Problem description
Please retype the entries below word for word, passing over every picture.

Provided information
◆ ◆ ◆ ◆ ◆

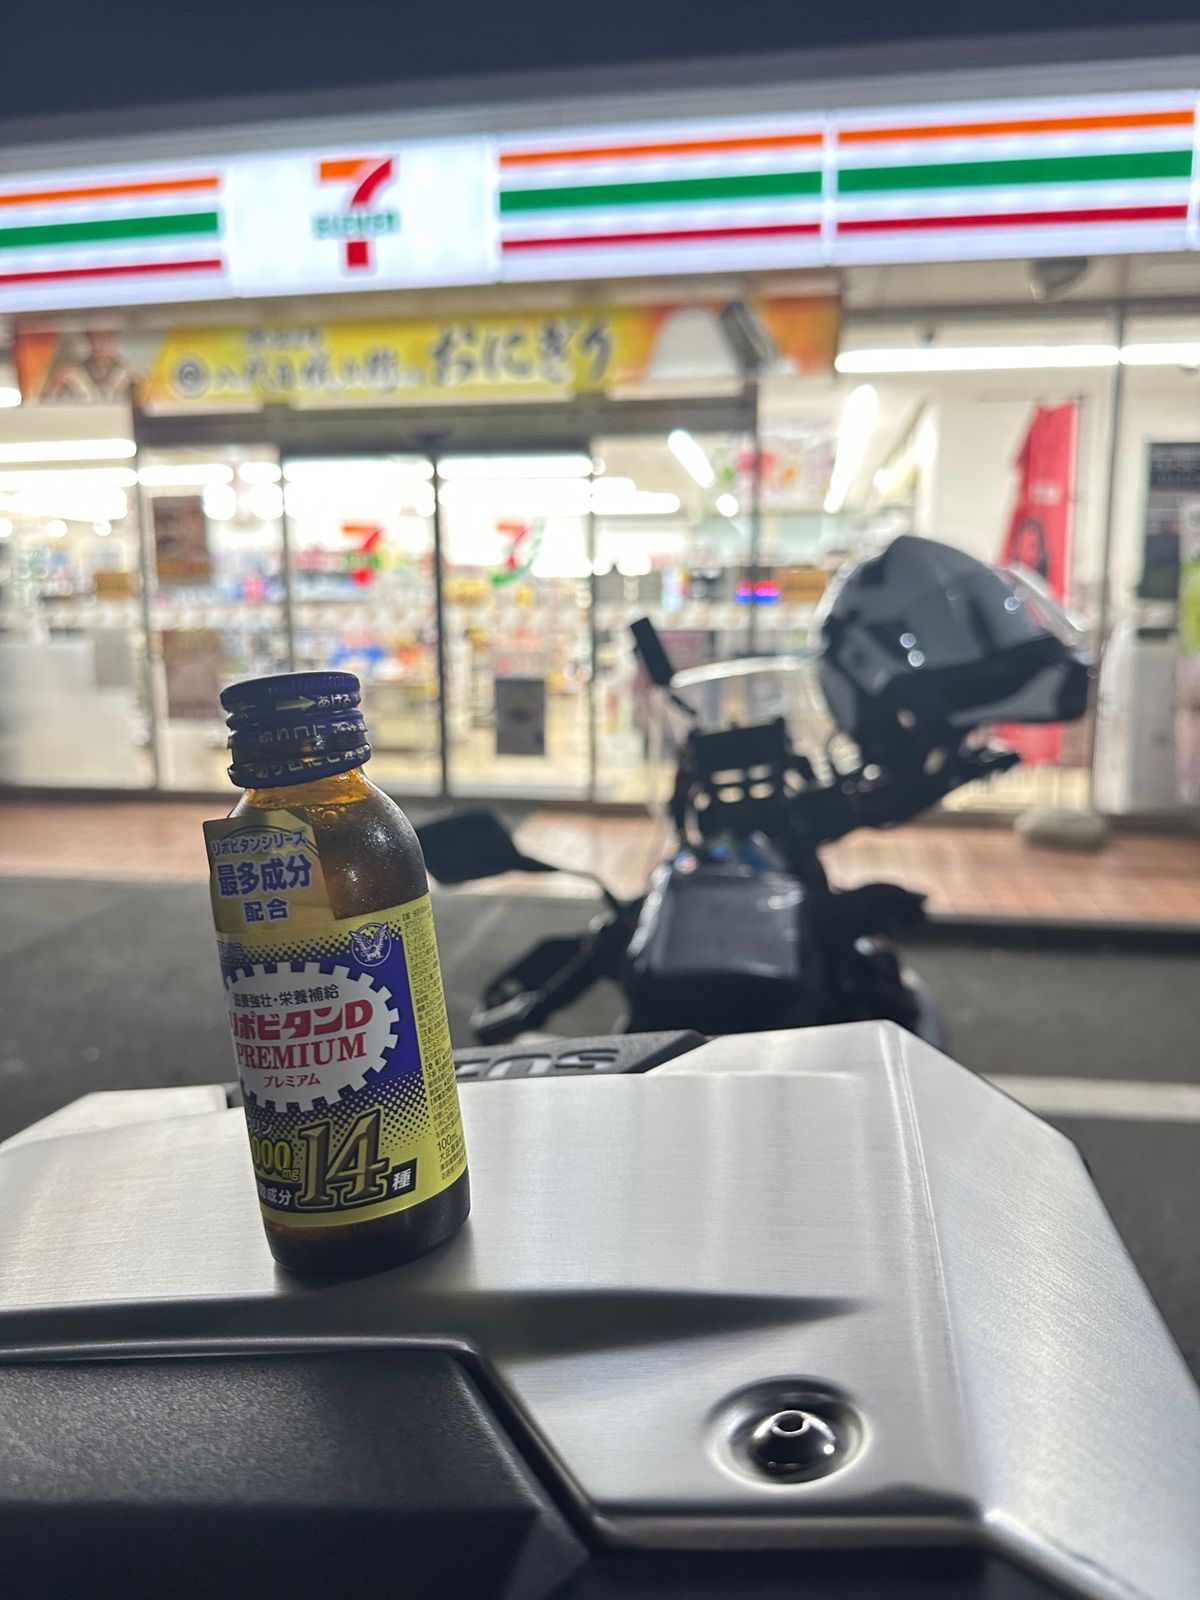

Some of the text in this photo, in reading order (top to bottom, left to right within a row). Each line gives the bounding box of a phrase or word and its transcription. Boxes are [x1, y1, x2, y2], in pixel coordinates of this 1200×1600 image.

[318, 158, 394, 270] 7
[216, 853, 312, 897] 最多成分
[243, 898, 288, 922] 配合
[235, 1031, 367, 1070] PREMIUM
[264, 1072, 321, 1088] プレミアム
[298, 1104, 391, 1208] 14
[392, 1168, 412, 1191] 種
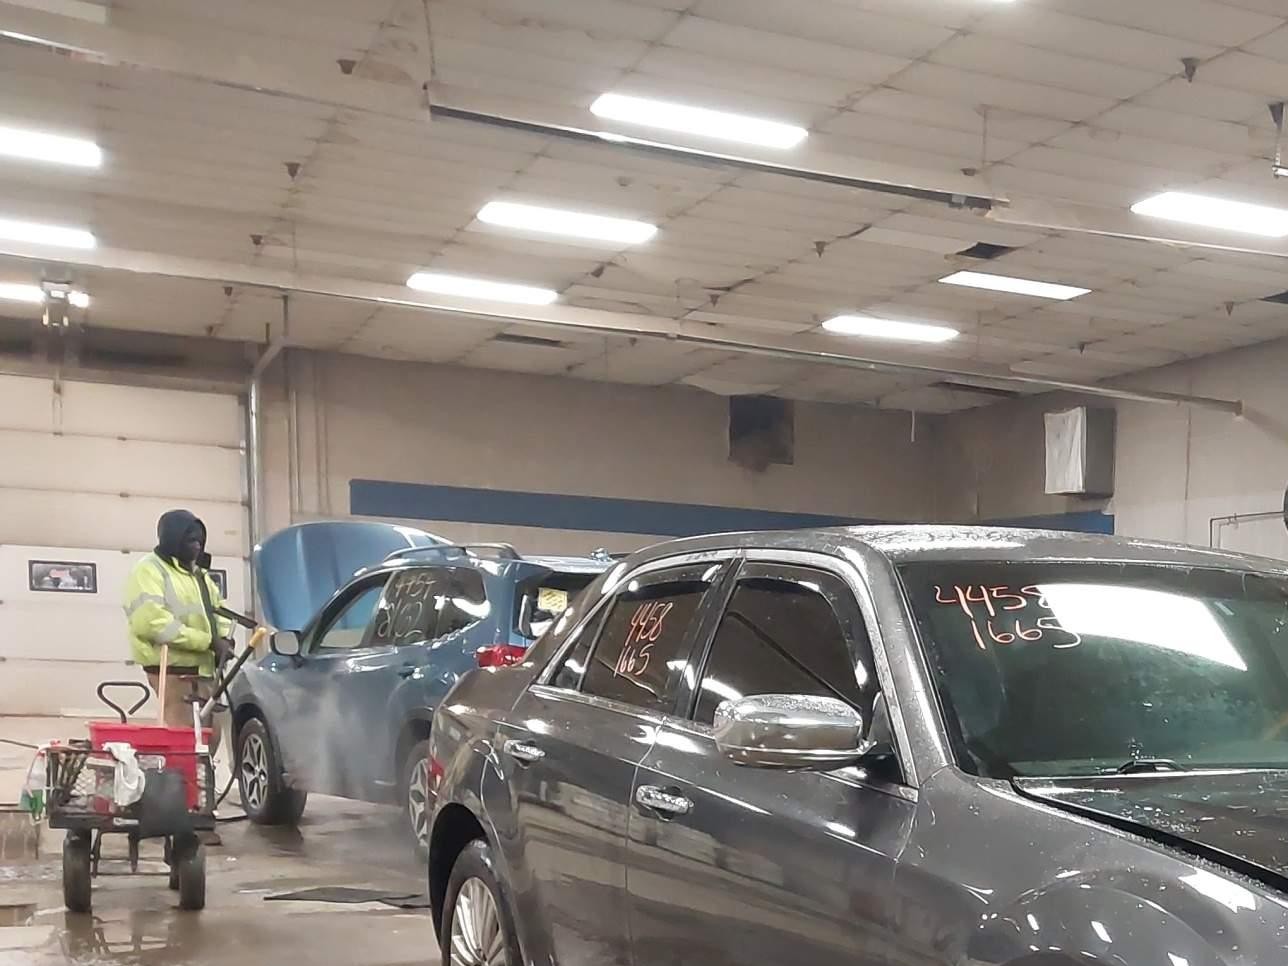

◆ ◆ ◆ ◆ ◆

Worked solution
Some of the text in this photo, in reading order (top to bottom, left to right within a row). Each line gives the bounding box of a phrase or word and its transcription. Boxes are [x1, y1, x2, y2], in pixel coordinates of this 1200×1600 image.

[318, 158, 394, 270] 7
[216, 853, 312, 897] 最多成分
[243, 898, 288, 922] 配合
[235, 1031, 367, 1070] PREMIUM
[264, 1072, 321, 1088] プレミアム
[298, 1104, 391, 1208] 14
[392, 1168, 412, 1191] 種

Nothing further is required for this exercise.